As we add more and more stuffs conditionned by securelevel I guess this will
becore more and more an issue.

> 
> In fact, you could provide both, kern.security.all for the mask so you
> can load all the bits at once and kern.security.lkm for LKMs,
> kern.security.mount for mounting disks, etc, for twiddling them
> individually.

Good idea !

> 
> I'm not quite sure what this would do to the "raise only" semantics of
> the current securelevel.  Perhaps there'd be a kern.security.insecure
> bit that, if clear, means you can set but not clear the others - and
> cannot itself be set except by init.

Actually I'd call it kern.security.secure and have it semantic reversed
(you have to set all others to get more security, but to clear this one)
but this is what I had in mind.

> 
> >>> +.It Li p	The PID of the process
> >>> +.It Li t	The process's creation date
> 
> >> It would be good to state how %p and %t are rendered into text
> >> (primarily for completeness).
> 
> > What about this ? :
> > .It Li p        The PID of the process (integer)
> > .It Li t        The process's creation date (in seconds)
> 
> I'd make it more like
> 
> .It Li p        The PID of the process (in decimal)
> .It Li t        The process's creation date (a la
> .Xr time 3 ,
> in decimal)

Ok, changed.
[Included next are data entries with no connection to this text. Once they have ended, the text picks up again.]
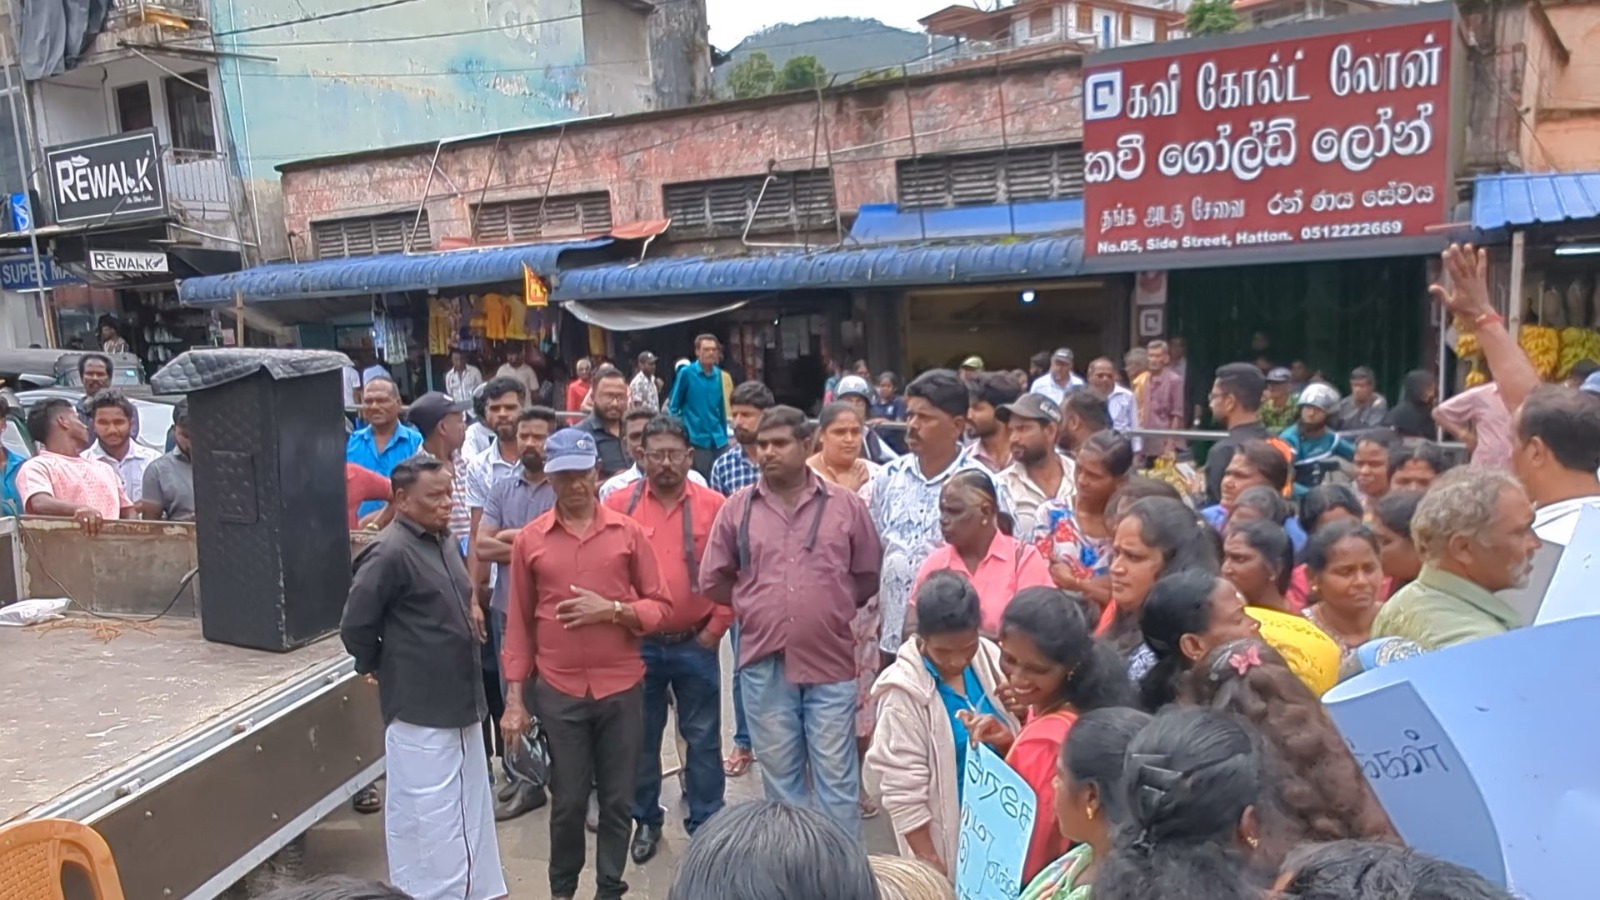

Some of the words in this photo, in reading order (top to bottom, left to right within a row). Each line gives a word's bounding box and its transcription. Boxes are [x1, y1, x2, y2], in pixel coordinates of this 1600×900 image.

[1126, 62, 1180, 119] கவி
[1197, 50, 1310, 111] கோல்ட்
[1330, 33, 1442, 96] லோன்
[1158, 118, 1296, 180] ගෝල්ඩ්
[1312, 103, 1433, 171] ලෝන්
[56, 157, 153, 204] REWALK
[1267, 190, 1303, 215] රන්
[1362, 181, 1434, 207] සේවය
[1100, 202, 1137, 234] தங்க
[1143, 204, 1185, 228] அடகு
[1191, 196, 1245, 221] சேவை
[1097, 239, 1143, 254] No.05,
[1146, 237, 1178, 250] Side
[1182, 234, 1232, 248] Street,
[1236, 229, 1293, 244] Hatton.
[1301, 220, 1402, 240] 0512222669
[2, 261, 48, 284] SUPER
[50, 259, 77, 281] MA
[93, 252, 154, 270] REWALK
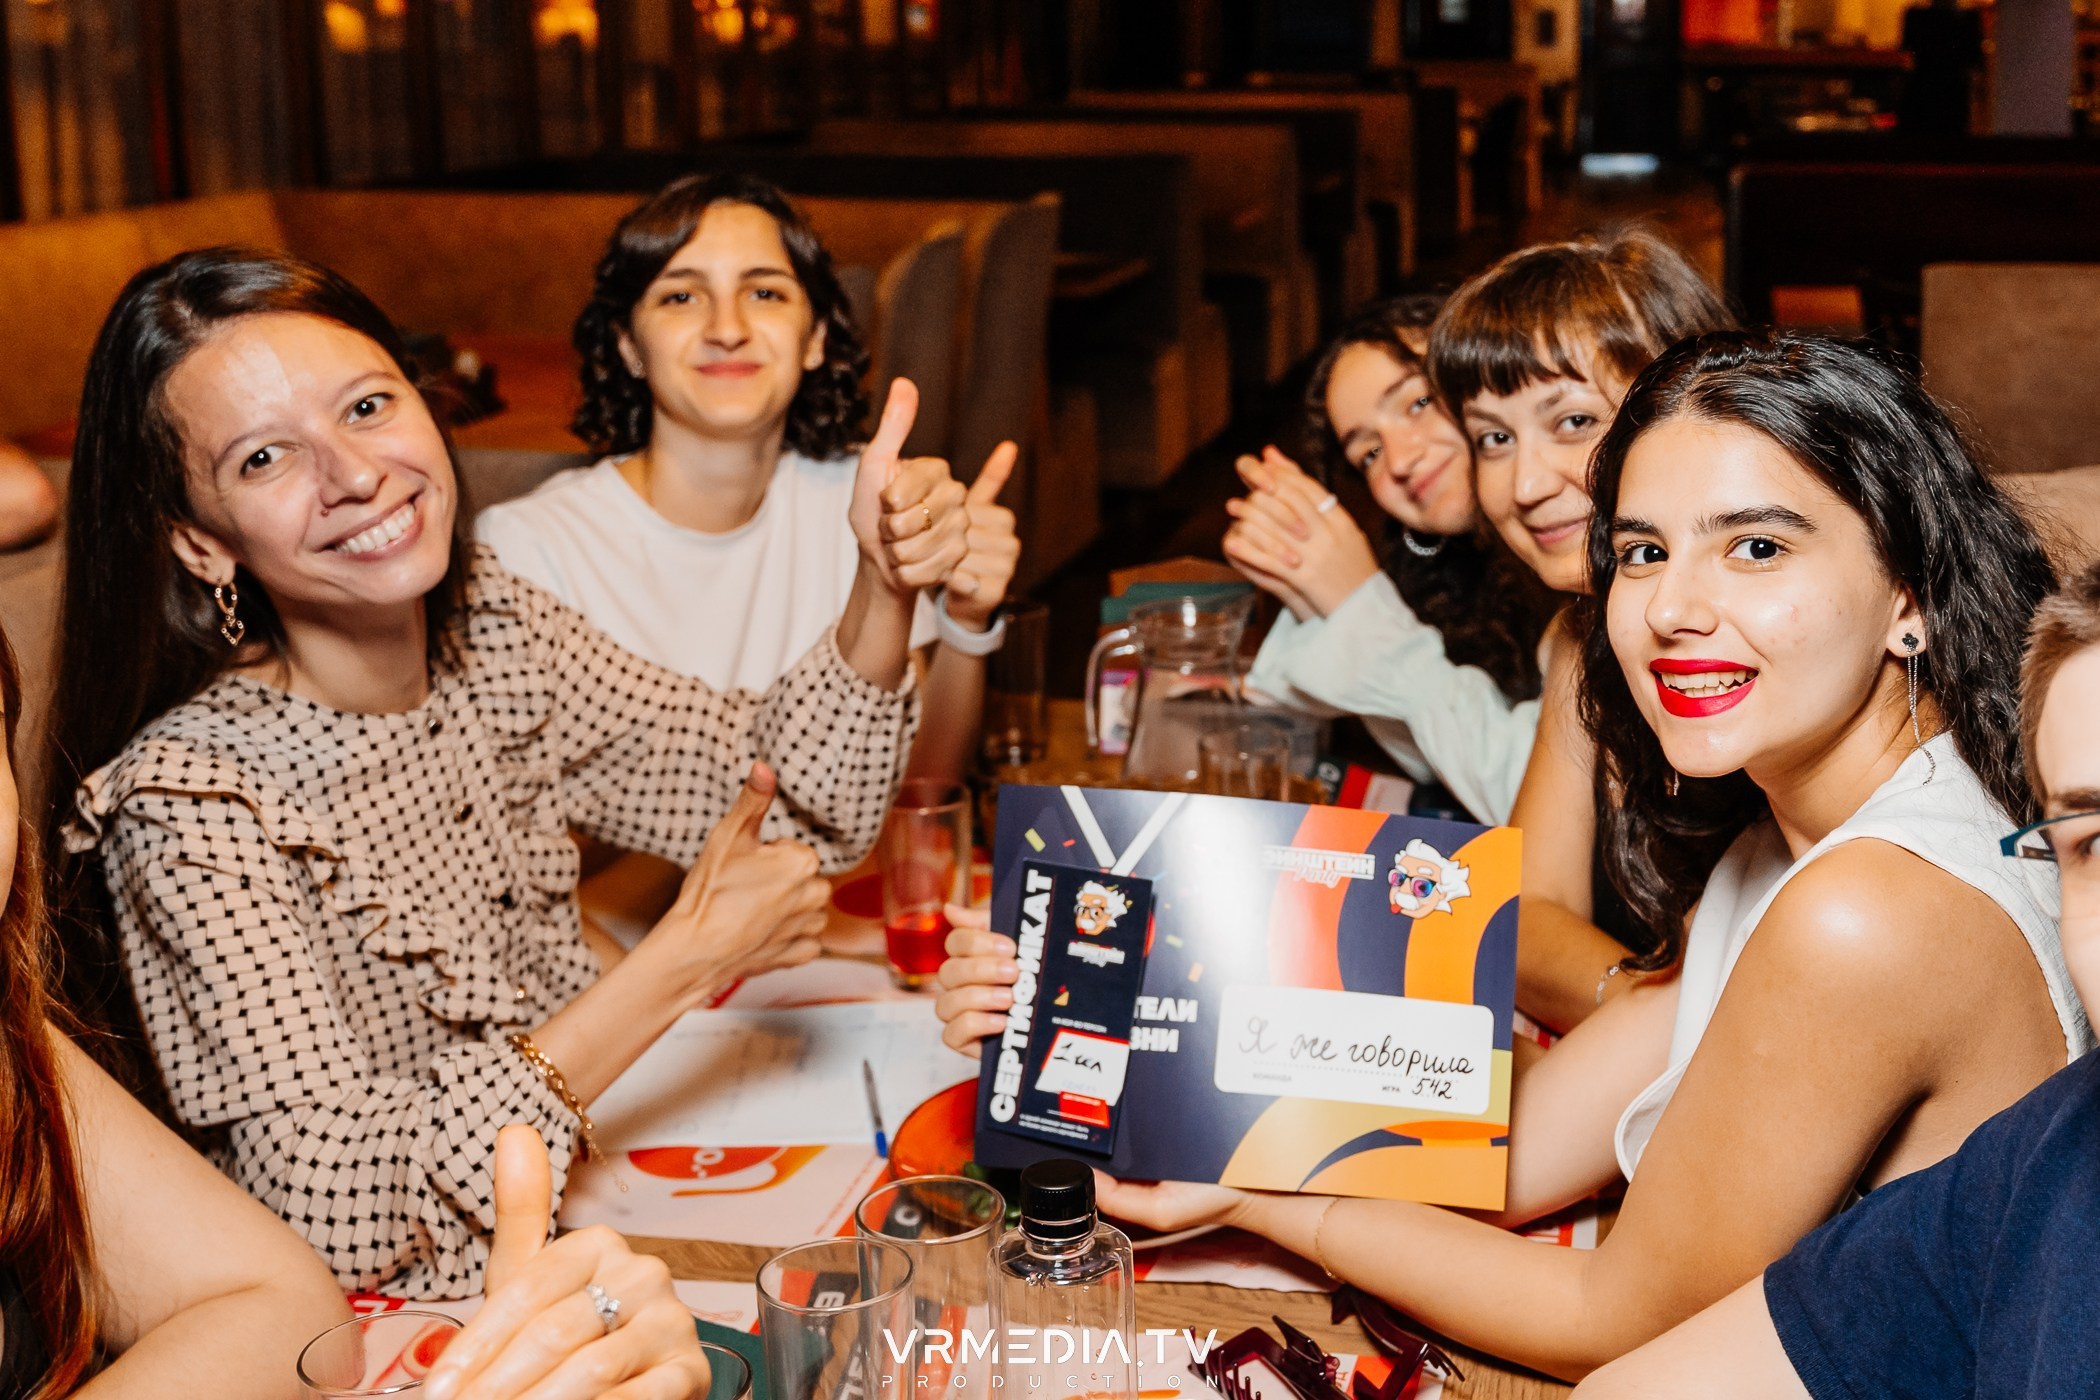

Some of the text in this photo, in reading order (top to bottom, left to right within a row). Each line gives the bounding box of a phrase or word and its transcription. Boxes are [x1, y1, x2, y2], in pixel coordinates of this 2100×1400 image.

[990, 869, 1053, 1122] СЕРТИФИКАТ
[1239, 1016, 1474, 1076] Я же говорила
[1382, 1085, 1401, 1093] ИГРА
[1412, 1078, 1452, 1099] 542
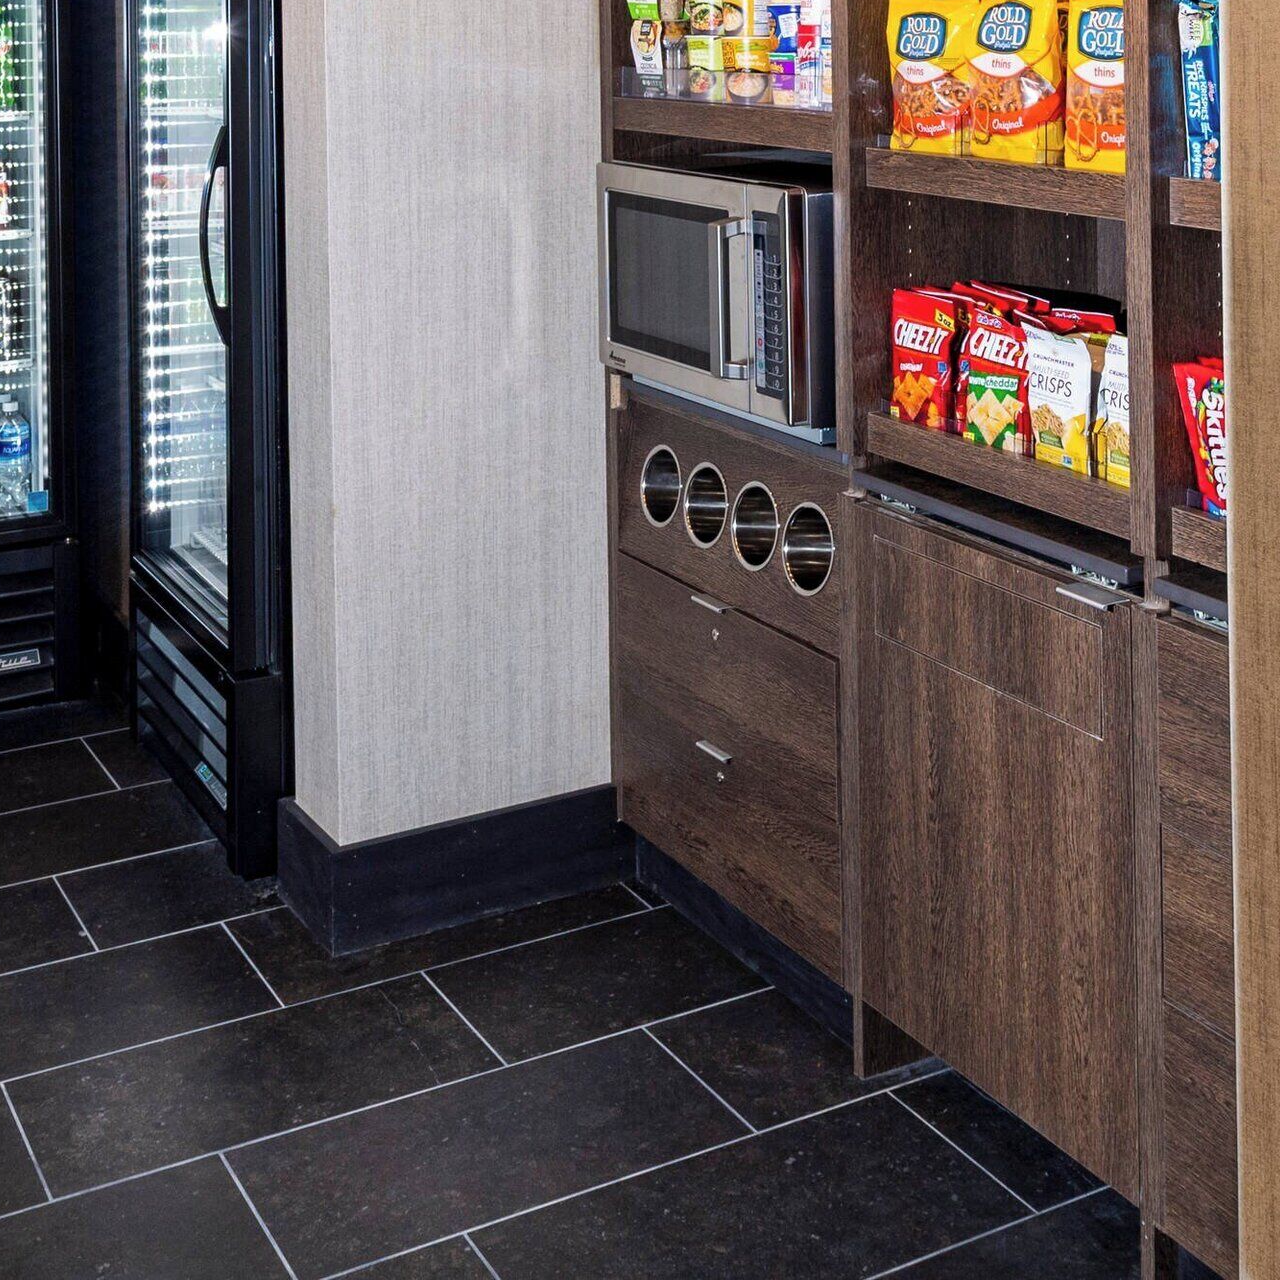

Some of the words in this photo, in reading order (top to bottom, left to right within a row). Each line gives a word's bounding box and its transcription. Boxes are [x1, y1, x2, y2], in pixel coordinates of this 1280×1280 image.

Thanks.

> 
> > The fifth level name is one of PROC_PID_LIMIT_TYPE_SOFT or
> > PROC_PID_LIMIT_TYPE_HARD, to select respectively the soft or hard limit.
> > Both are of type integer.                           
> 
> Yeah, that fixes that entirely.
> 
> >>> +	if ((indx = findname(string, "5th", bufpp, lp)) == -1)
> >> Shouldn't that be "fifth", for consistency?
> > When I wrote this I didn't know how to spell 'fifth' :)
> 
> Oh. :-)
> 
> > +void
> > +p_sugid(p)
> > +	struct proc *p;
> > +{
> > +	extern char defcorename[];
> > +
> > +	p->p_flag |= P_SUGID;
> > +	/* reset what needs to be reset in plimit */
> > +	if (p->p_limit->pl_corename != defcorename) {
> > +		if (p->p_limit->p_refcnt > 1) {
> > +			p->p_limit->p_refcnt--;
> > +			p->p_limit = limcopy(p->p_limit);
> > +		}
> > +		p->p_limit->pl_corename = defcorename;
> > +	}
> > +}
> 
> I believe this will leak memory under some circumstances.
> 
> (1) Process sets its per-process corename.  Memory is allocated.
> (2) Process execs a set-id executable.  p_sugid() is called.
> (3) p_refcnt is 1 because nobody else shares this limit.
> (4) pl_corename is summarily bashed, dropping the only pointer to the
>      mallocked string.
> (5) On exit, pl_corename equals defcorename, so it's not freed.

Ops, yes, there's a missing else free(p->p_limit->pl_corename) ! Thanks !

> 
> Given how limcopy() works, I think there is also a use-after-free bug:
> 
> (1) Process sets its per-process corename.  Memory is allocated.
> (2) Process forks.  p_refcnt goes to 2.
> (3) One of the two processes sets some other limit.  The limit
>      structure splits into two, each with p_refcnt 1.  Both have
>      identical pl_corename pointers (see limcopy()).
> (4) One process exits.  Its p_refcnt is 1 and its pl_corename is not
>      equal to defcorename, so pl_corename is freed.
> (5a) The other process dumps core.  It follows its pl_corename pointer
>      to find...whatever currently happens to be lying around there.
> (5b) The other process exits.  Its p_refcnt is 1 and its pl_corename is
>      not equal to defcorename, so pl_corename is freed...again.

Arg, you're rigth. I don't know what's the best here:
a) add a refcount for pl_corename
b) always do a malloc() in limcopy() if pl_corename != defcorename

a) will consume 4 extra bytes for each instance of limcopy(), and need an
   extra increment of each limcopy() call
b) may consume more memory and time, but only if the user changed pl_corename

I think, on average, b) will be better.

For now, limcopy() is called each time a user does a setrlimit or a
sysctl -w, even if the data are the same. There's room for improvement
here, which will be efficient in some common case (setting limits in
a .cshrc/.profile).

Thanks for the feedback !

--
Manuel Bouyer, LIP6, Universite Paris VI.           Manuel.Bouyer@lip6.fr
--